The West Village, 1999. The meatpackers have all but left the nearby cobblestones, but a savvy buyer can still pick up a sprawling, newly-converted industrial loft for a little over a million bucks.
Enter Steve Roth, chairman of megadeveloper Vornado, who knows a real estate deal when he sees one and is renowned for waiting out the market until the time is right to sell.
Back at the turn of the millennium, Mr. Roth bought up a 3,322-square-foot duplex penthouse at 345 West 13th Street from developer Hudson Companies. Mr. Roth, who paid $1.72 million for the light-filled duplex, has just sold it for $6.8 million, according to city records.
The apartment, which was listed with Corcoran brokers Deborah Grubman and David Dubin, was asking $7.25 million. (It first went on the market at $7.95 million in May).
The condo is currently configured as a very generous two-bedroom, according to the listing, with 12-foot-high ceilings, original wood beams and columns, an exposed brick wall and a study area with a wood burning fireplace. It also comes with downstairs neighbor Will Ferrell.
The place seems nicer even than many of Mr. Roth’s well-known developments, which include such blockbusters as the Bloomberg Building (home to the luxe One Beacon Court condos), 280 Park Avenue and the skyline busting 15 Penn Plaza.
The buyer is Zoltan Wesley LLC, which was incorporated in December of this year. When reached on the phone, Mr. Dubin said he could not comment on either the buyer or the seller.

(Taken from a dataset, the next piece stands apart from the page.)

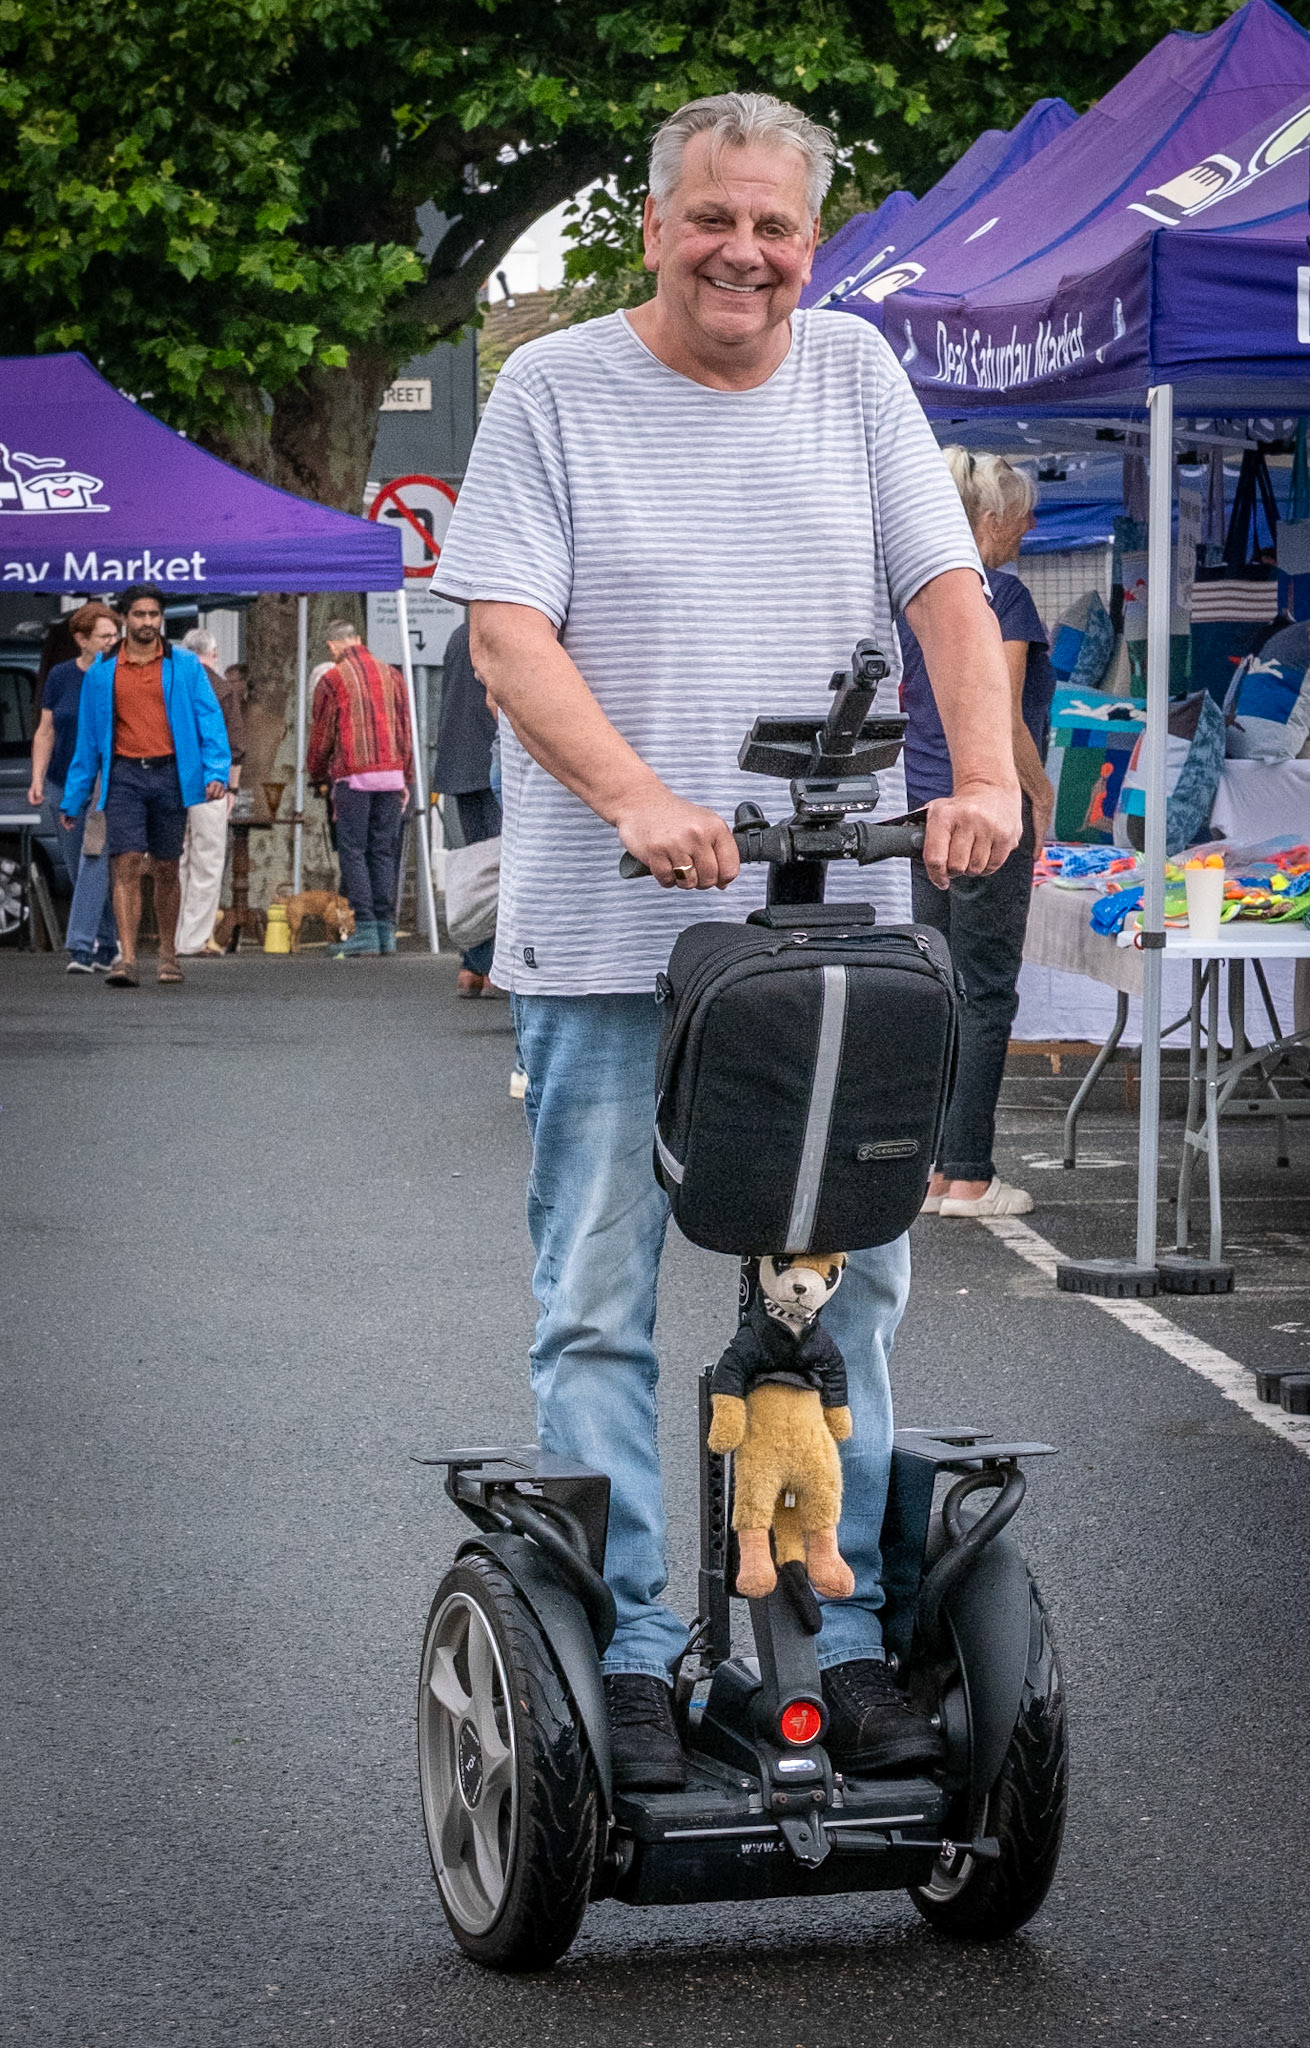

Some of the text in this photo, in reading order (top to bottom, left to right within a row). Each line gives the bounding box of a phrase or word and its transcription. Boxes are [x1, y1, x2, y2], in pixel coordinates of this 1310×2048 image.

[930, 312, 1085, 388] Deal Saturday Market
[64, 549, 207, 582] Market

Still, it is a good outing for the brokers. They may have fallen short of Mr. Roth’s high-minded initial ask by about 14 percent, they bested a $6.5 million Mr. Roth wanted back in 2009, when he put the place on the market with Douglas Elliman. It kicked around from March until August, when it slipped off the market at $5.5 million. This was, of course, the depth of the doldrums.
But Mr. Roth is no stranger to sitting on a site, be it the old Alexander’s department store that was eventually replaced by the Bloomberg Building or the Filene’s Basement site in Boston, which has sat vacant for years to the consternation of everyone in Beantown, the mayor included.
While the apartment, beautiful though it may be, hardly seems like a fitting home for a billionaire, it’s not his only address. He listed he and his wife’s Easthampton address on the deed. As might be expected of a man who heads a famously tight-lipped company, Mr. Roth has not yet returned a request for comment.
Maybe he’s just a man of comparatively modest tastes? As the listing puts it: “The calmness one finds in this home is a juxtaposition to the exciting neighborhood just steps away – stroll along the Hudson or perhaps walk the High Line, what more could one want?”
How about a massive portfolio of Manhattan real estate chock full of trophy towers and blockbuster development projects?